Enfin, Hardt et Negri semblent utiliser dans le sens d’une périodisation chronologique la notion problématique de postmodernité. Ils conçoivent alors modernité et postmodernité comme des époques successives et non comme deux logiques culturelles complémentaires et contradictoires de l’accumulation du capital : centralisation d’un côté, fragmentation de l’autre ; cristallisation du pouvoir, et dissolution généralisée ; pétrification des fétiches, et fluidité de la circulation marchande. La séparation dans le temps de ces tendances jumelles, fait apparaître le nouvel ordre impérial comme « postmoderne », « post-colonial » et « post-national ». Elle renforce l’illusion de « l’après ». En réalité, l’ordre impérial mondialisé ne supprime pas l’ancien ordre des dominations interétatiques. Il s’y superpose. En tirant des conclusions extrapolées de tendances encore contradictoires, la formule de « L’Empire, stade suprême de l’impérialisme » court le même risque que celle de l’impérialisme « stade suprême du capitalisme » : celui d’une interprétation catastrophiste à sens unique, pour laquelle le « stade suprême » devient un stade terminal, sans issue aucune. La politique, comme art des rapports de forces et des contretemps, devient alors soluble au point de fusion entre les limites du capital et les désirs illimités de la multitude.

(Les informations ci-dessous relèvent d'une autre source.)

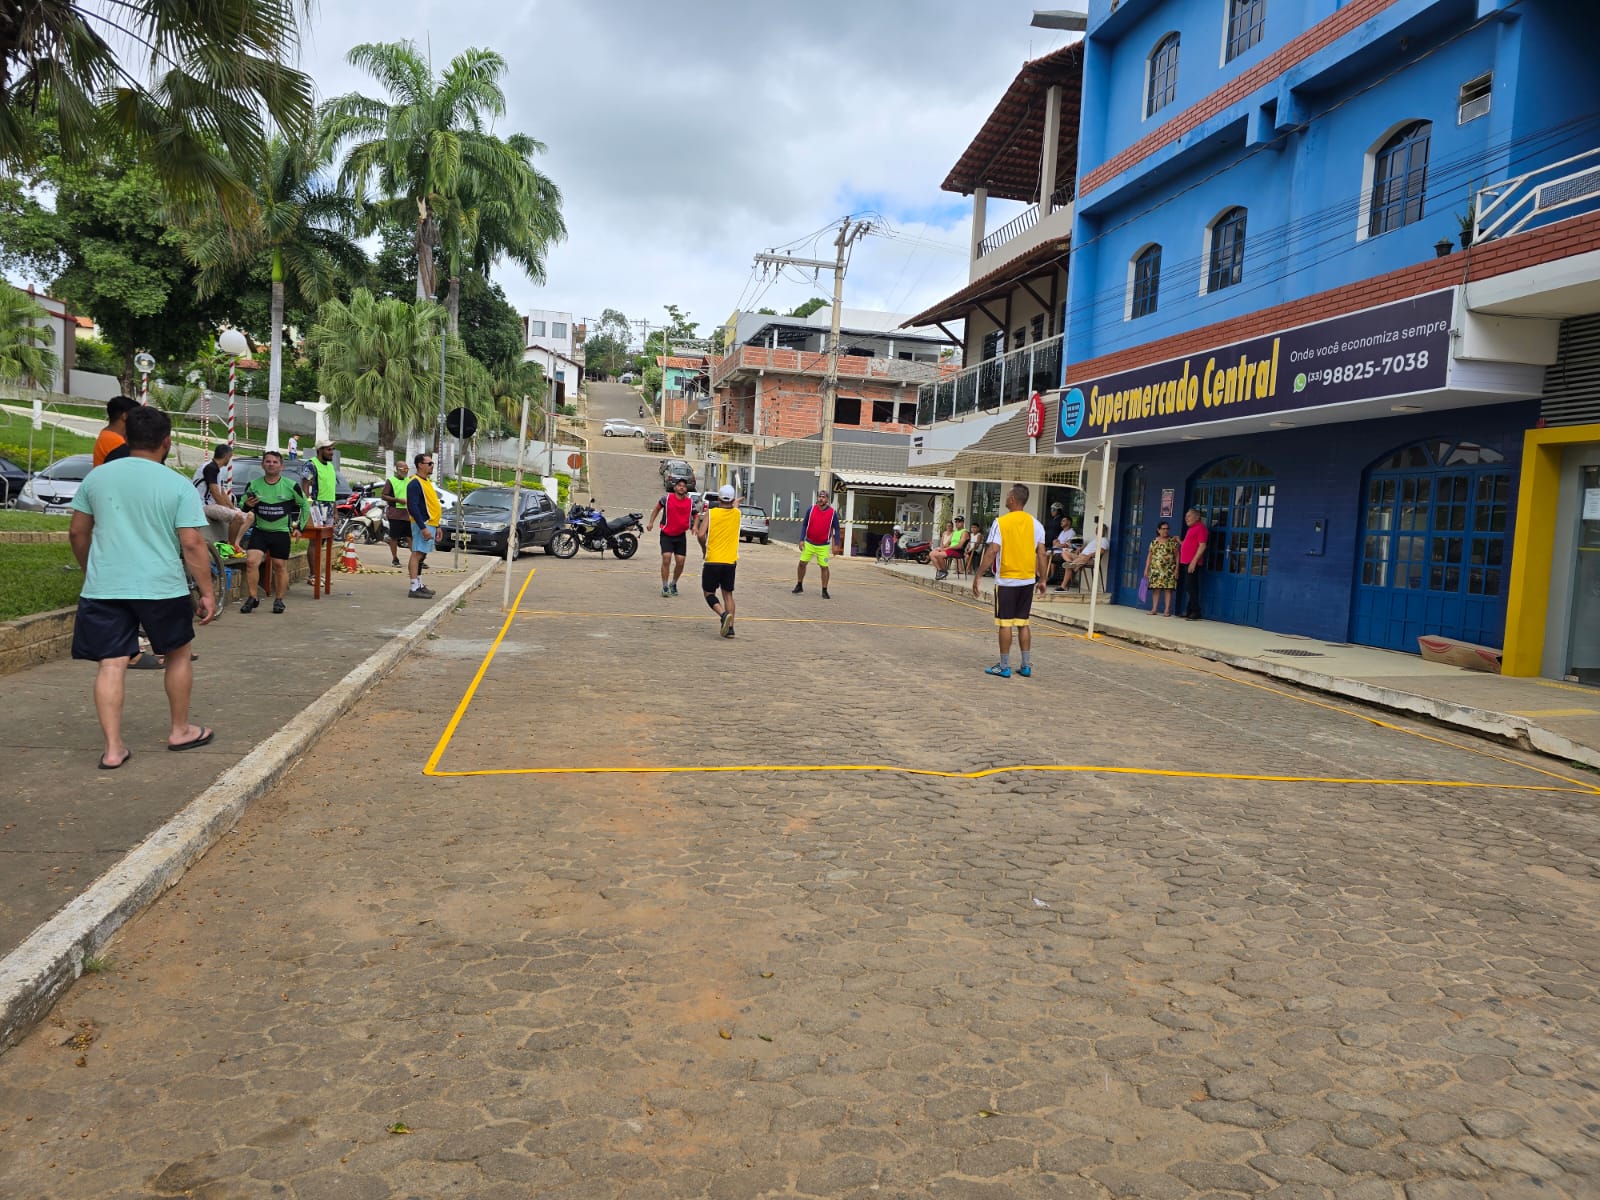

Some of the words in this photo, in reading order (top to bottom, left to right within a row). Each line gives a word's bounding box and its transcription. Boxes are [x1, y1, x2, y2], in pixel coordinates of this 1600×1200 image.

[1290, 348, 1315, 363] Onde
[1316, 341, 1339, 357] você
[1341, 331, 1399, 352] economiza
[1401, 320, 1447, 337] sempre
[1088, 360, 1199, 434] Supermercado
[1202, 337, 1280, 408] Central

Une version abrégée est paru dans Rouge n° 1920, le 26 avril 2001
www.danielbensaid.org

Documents joints

  1. Michaël Hardt et Antonio Negri, Empire, éditions Exils, Paris, 2000.
  2. Toni Negri, « L’Empire, stade suprême de l’impérialisme », Le Monde diplomatique, janvier 2001.
  3. Ibid. p. 480.
  4. Ibid. p. 393.
  5. Ibid., p. 204.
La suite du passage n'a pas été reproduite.